Еще хуже дела семейные. Из-за лишней десятины один брат напишет на другого такую кляузу, что того не то что расстреливать, а живым в землю вбивать надо! Коли мы начнем всему верить, то много народу положим. А если положим, для кого революцию делали, для покойников?
И ещё очень важная деталь. Если ты вербуешь агента, понимая, что он у тебя не одноразовый, а такой, что станет постоянно приносить в клювике нужную информацию, будь добр относиться к нему вежливо и с почтением. И обращаться к нему следует не: «Сукин ты сын, я же тебя урода в тюрьме сгною, к стенке поставлю, если ты мне не скажешь, кто в мастерской стволы у винтарей пилит, обрезы делает», а: «Дорогой ты мой человек, Прохор Петрович, ты ж понимаешь всю важность исторического момента! Конечно, ты вправе сам выбирать, на чьей ты стороне, просто имей в виду, что без тебя нам будет не просто трудно, а никак! Без тебя, дорогой товарищ, нам контрреволюцию не истребить.

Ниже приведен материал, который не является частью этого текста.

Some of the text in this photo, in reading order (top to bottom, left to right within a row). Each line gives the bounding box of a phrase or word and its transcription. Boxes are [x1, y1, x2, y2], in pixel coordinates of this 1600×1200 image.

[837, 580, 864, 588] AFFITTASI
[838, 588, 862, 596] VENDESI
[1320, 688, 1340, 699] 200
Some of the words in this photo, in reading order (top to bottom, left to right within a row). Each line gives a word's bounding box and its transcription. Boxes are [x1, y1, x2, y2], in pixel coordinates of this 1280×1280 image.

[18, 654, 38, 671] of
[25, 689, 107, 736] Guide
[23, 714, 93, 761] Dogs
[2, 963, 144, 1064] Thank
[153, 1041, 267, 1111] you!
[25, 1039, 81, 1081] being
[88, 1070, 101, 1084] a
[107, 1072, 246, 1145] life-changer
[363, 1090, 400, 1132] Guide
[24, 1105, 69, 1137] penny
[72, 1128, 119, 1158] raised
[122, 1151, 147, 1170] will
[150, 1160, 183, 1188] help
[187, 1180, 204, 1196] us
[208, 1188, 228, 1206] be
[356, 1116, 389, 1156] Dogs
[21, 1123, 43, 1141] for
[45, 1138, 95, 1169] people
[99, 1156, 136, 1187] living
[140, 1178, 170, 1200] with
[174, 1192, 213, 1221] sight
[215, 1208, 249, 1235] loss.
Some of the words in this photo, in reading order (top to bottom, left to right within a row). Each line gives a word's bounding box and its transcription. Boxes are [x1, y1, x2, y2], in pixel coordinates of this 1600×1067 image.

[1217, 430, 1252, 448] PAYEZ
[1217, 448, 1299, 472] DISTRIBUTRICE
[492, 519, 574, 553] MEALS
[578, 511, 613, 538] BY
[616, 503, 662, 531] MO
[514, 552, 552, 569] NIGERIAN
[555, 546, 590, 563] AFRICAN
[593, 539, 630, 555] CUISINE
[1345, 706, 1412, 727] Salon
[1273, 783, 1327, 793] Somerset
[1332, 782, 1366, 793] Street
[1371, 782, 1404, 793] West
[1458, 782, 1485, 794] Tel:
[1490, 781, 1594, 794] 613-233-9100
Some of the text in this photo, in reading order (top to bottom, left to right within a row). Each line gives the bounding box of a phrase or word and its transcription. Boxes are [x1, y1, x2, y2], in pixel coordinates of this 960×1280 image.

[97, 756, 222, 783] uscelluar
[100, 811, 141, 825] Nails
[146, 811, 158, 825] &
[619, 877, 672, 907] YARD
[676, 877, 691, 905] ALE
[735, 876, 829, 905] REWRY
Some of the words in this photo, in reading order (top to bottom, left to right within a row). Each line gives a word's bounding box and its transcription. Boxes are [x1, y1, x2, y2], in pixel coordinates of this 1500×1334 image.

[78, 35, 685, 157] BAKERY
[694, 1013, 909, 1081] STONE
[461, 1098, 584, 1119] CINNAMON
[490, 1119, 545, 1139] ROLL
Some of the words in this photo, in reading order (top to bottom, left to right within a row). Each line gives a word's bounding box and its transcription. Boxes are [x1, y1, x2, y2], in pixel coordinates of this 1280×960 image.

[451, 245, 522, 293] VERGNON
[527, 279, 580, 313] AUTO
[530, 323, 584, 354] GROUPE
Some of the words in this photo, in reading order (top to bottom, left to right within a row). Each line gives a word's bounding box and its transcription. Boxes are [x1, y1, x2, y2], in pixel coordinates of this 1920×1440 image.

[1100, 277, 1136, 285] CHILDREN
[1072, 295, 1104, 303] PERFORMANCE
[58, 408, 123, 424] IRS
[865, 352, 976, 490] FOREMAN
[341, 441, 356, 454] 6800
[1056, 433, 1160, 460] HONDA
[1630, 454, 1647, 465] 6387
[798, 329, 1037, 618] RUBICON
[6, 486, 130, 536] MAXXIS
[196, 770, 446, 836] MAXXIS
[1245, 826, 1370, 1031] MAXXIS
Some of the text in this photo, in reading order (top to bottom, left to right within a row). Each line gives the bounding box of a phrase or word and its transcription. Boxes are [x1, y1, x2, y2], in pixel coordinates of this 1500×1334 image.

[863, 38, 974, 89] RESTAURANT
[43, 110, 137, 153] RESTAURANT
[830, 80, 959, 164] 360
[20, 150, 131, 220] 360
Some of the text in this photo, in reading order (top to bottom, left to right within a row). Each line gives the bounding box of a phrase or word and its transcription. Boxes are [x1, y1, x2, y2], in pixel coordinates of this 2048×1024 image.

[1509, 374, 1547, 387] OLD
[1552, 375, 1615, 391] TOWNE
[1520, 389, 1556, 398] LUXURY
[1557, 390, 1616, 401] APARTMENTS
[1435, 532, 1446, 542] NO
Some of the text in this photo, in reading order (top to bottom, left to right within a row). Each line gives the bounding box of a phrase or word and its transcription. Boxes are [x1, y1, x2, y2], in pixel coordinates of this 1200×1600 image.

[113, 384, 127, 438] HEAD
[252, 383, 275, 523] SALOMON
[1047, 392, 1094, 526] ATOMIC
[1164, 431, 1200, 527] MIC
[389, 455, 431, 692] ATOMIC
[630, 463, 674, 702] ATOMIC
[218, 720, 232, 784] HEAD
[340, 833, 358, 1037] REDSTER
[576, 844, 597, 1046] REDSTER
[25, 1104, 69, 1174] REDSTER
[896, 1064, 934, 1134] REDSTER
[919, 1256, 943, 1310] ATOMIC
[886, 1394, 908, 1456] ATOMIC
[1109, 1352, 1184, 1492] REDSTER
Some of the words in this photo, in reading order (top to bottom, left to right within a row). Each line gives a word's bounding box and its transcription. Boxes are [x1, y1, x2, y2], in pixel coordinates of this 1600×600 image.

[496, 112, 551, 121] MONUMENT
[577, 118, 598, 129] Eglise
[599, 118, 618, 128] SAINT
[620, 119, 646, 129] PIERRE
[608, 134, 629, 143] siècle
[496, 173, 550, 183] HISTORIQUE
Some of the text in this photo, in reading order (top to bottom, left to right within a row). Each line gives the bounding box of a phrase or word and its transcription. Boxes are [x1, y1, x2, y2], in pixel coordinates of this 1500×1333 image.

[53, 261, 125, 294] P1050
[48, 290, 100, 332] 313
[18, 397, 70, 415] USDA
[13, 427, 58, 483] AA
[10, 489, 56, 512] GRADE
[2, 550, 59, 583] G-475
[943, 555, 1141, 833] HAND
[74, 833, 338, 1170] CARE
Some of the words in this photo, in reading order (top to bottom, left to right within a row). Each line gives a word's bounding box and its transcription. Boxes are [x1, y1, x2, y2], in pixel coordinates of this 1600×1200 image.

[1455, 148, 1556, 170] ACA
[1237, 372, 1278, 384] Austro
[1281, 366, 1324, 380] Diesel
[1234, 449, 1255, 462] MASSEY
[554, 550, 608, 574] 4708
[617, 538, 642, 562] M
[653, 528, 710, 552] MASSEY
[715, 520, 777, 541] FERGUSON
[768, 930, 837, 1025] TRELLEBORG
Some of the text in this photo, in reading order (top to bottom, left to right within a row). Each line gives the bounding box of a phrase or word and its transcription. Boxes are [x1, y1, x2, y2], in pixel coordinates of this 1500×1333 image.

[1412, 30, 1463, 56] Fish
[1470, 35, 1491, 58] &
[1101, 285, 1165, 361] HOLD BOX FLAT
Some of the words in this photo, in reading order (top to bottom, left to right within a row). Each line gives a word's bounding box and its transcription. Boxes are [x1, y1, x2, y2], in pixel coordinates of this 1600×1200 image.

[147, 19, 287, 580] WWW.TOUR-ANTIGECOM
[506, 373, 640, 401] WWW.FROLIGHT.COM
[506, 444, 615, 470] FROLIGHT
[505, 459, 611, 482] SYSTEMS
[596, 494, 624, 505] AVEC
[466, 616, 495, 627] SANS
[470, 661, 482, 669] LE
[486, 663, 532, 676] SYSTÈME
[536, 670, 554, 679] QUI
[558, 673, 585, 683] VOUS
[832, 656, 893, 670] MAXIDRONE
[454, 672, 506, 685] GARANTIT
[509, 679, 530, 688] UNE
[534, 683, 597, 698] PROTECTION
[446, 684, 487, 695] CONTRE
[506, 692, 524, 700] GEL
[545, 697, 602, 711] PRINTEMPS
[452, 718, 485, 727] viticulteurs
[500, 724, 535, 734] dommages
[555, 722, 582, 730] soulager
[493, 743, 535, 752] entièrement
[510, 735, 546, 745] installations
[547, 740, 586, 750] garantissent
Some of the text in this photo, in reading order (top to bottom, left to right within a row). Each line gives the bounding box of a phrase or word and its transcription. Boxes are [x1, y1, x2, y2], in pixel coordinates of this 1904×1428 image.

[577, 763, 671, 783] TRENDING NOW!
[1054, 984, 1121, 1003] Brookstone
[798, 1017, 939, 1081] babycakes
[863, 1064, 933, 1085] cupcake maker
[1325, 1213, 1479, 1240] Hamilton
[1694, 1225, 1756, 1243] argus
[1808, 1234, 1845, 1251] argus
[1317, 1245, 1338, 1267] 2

Но ещё мы что знаем, что ты – человек честный и сам ненавидишь тех сволочей, которые оружие скрытого ношения изготавливают. Понимаем, боишься, но мы ж никому не скажем. Ты нам только шепни, а там уж мы сами».
Очень важно, чтобы агент не считал себя фискалом (термина «стукач» в те годы ещё не появилось, но это неважно), занимающимся неприличным делом, вроде подглядывания за бабами в общественном туалете, а начинал относиться к себе с уважением, осознавая, что он именно тот, кто помогает товарищам укреплять Советскую власть.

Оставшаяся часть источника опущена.